Exercise
Give again, word for word, the line holding "this 1280×1707 image." and every line after it through the end of the data below. Omit pictures.

Recorded information
▼
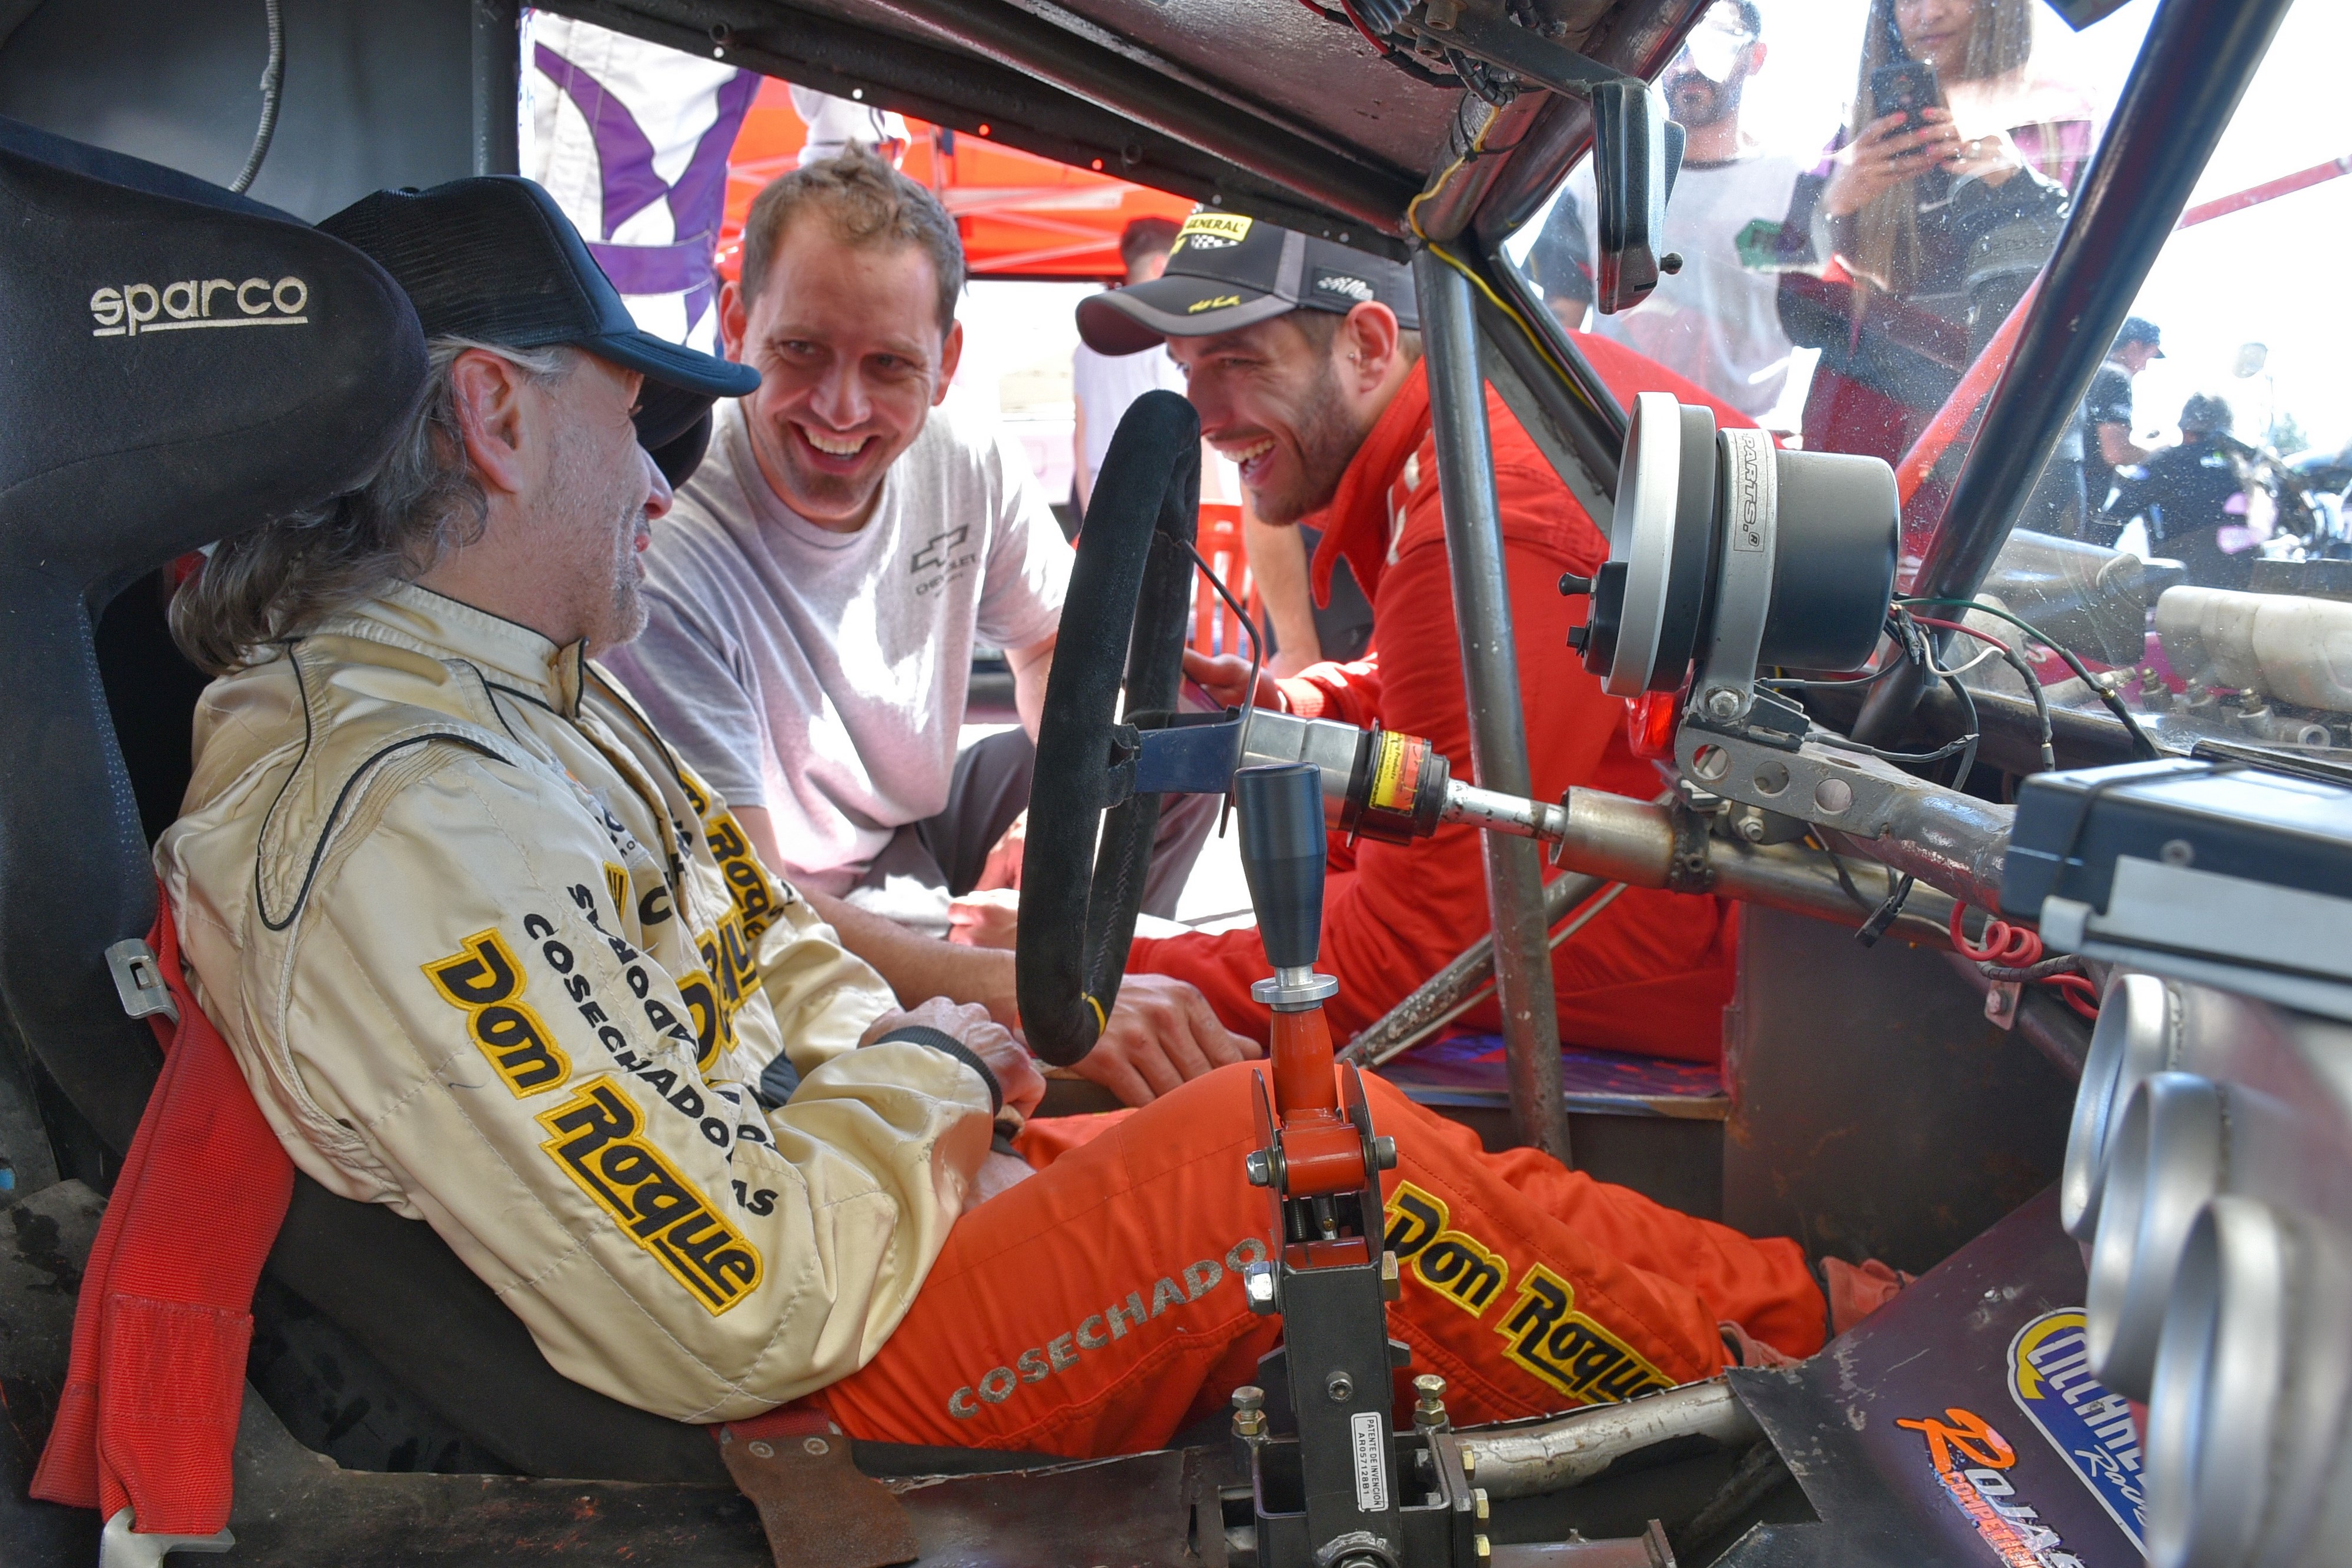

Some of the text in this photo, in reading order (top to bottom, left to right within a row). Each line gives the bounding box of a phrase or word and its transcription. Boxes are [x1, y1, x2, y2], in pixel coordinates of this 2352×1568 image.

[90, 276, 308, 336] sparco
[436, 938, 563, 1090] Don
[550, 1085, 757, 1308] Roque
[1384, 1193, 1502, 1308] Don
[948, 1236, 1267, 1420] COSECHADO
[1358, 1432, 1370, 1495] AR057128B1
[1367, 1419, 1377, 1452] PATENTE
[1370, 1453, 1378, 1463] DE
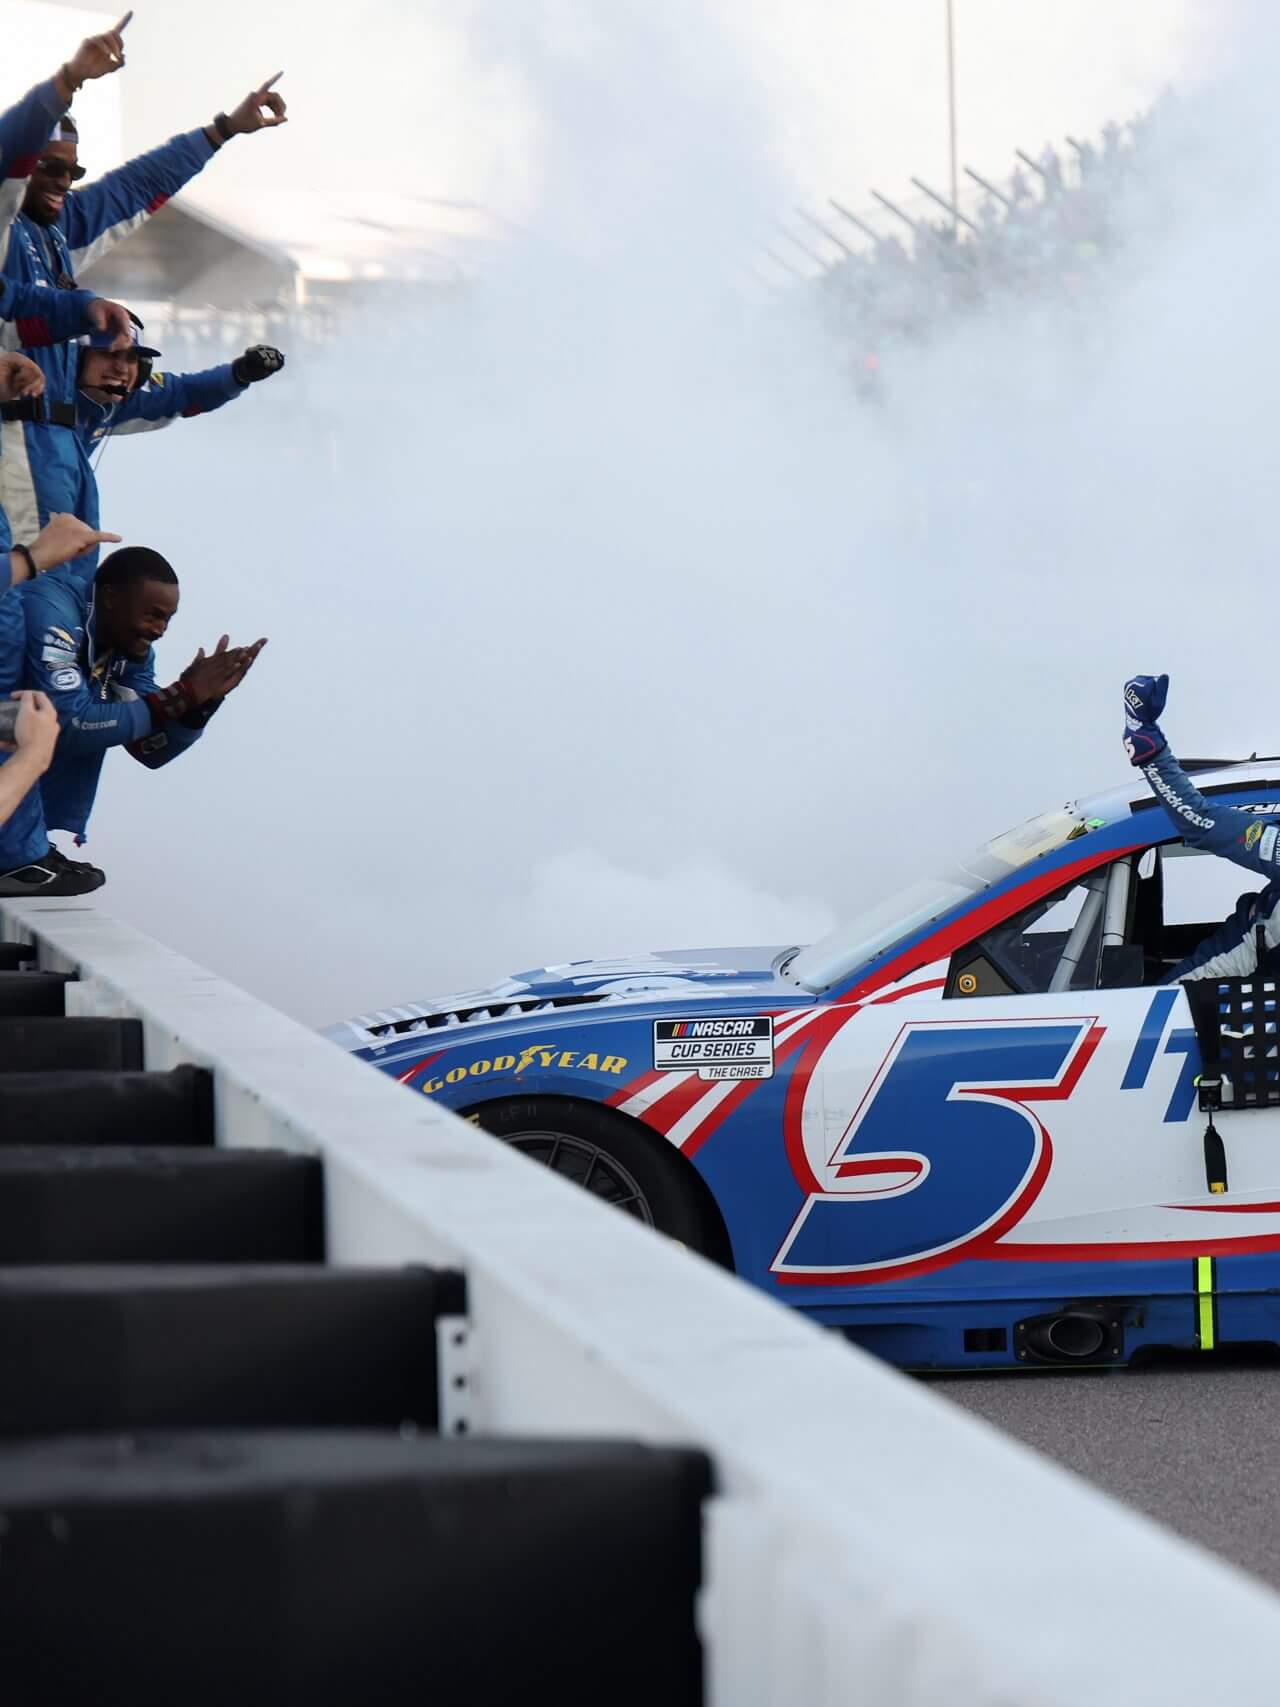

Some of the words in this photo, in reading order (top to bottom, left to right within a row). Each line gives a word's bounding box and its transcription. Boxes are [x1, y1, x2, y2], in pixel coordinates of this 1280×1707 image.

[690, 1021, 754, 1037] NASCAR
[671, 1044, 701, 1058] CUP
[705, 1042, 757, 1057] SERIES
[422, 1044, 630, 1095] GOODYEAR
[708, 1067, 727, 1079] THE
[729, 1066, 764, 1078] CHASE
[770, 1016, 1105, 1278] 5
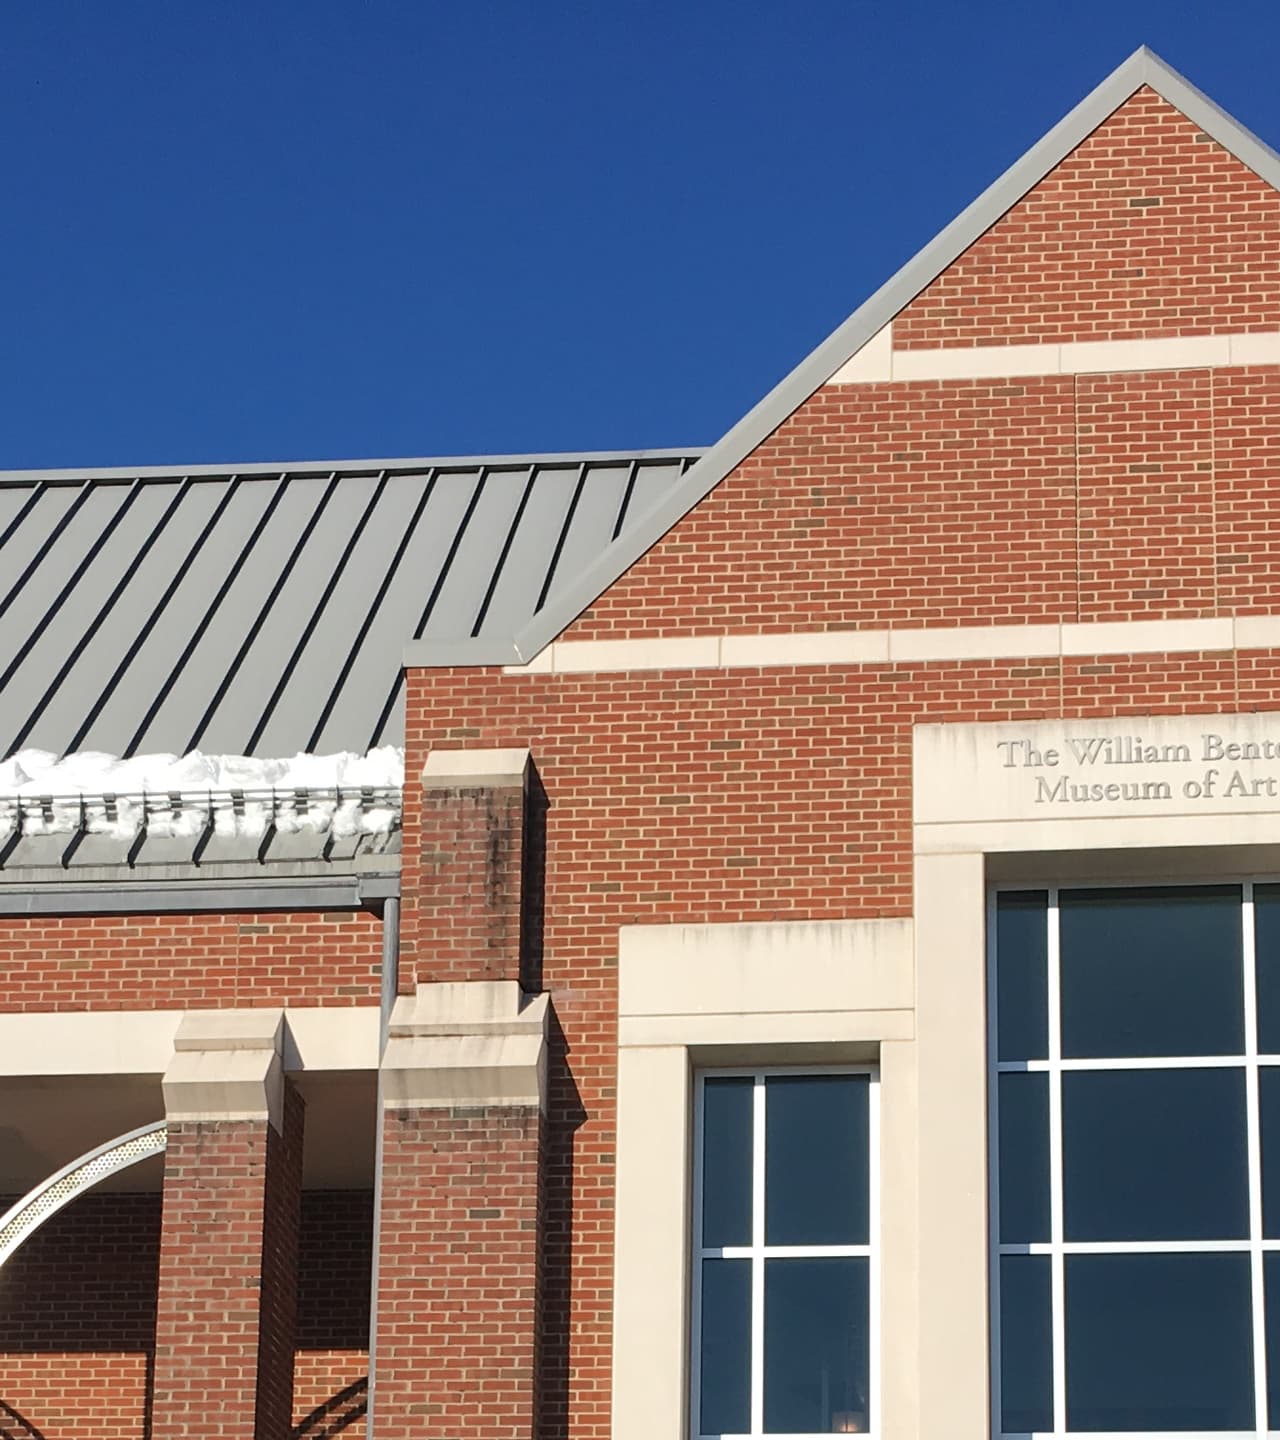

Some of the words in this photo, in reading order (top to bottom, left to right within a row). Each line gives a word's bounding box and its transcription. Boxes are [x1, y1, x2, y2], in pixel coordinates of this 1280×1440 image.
▲
Your response
Some of the words in this photo, in reading order (top to bottom, left to right within a row). Each line gives a word's bounding box and its transcription. Boxes are [x1, y1, x2, y2], in pixel coordinates of this 1280×1707 image.

[690, 1021, 754, 1037] NASCAR
[671, 1044, 701, 1058] CUP
[705, 1042, 757, 1057] SERIES
[422, 1044, 630, 1095] GOODYEAR
[708, 1067, 727, 1079] THE
[729, 1066, 764, 1078] CHASE
[770, 1016, 1105, 1278] 5

Some of the words in this photo, in reading order (top to bottom, left to right within a row). Each line gives a word's bounding box and its transcription. Boxes are [x1, y1, x2, y2], in pixel coordinates of this 1280×1440 image.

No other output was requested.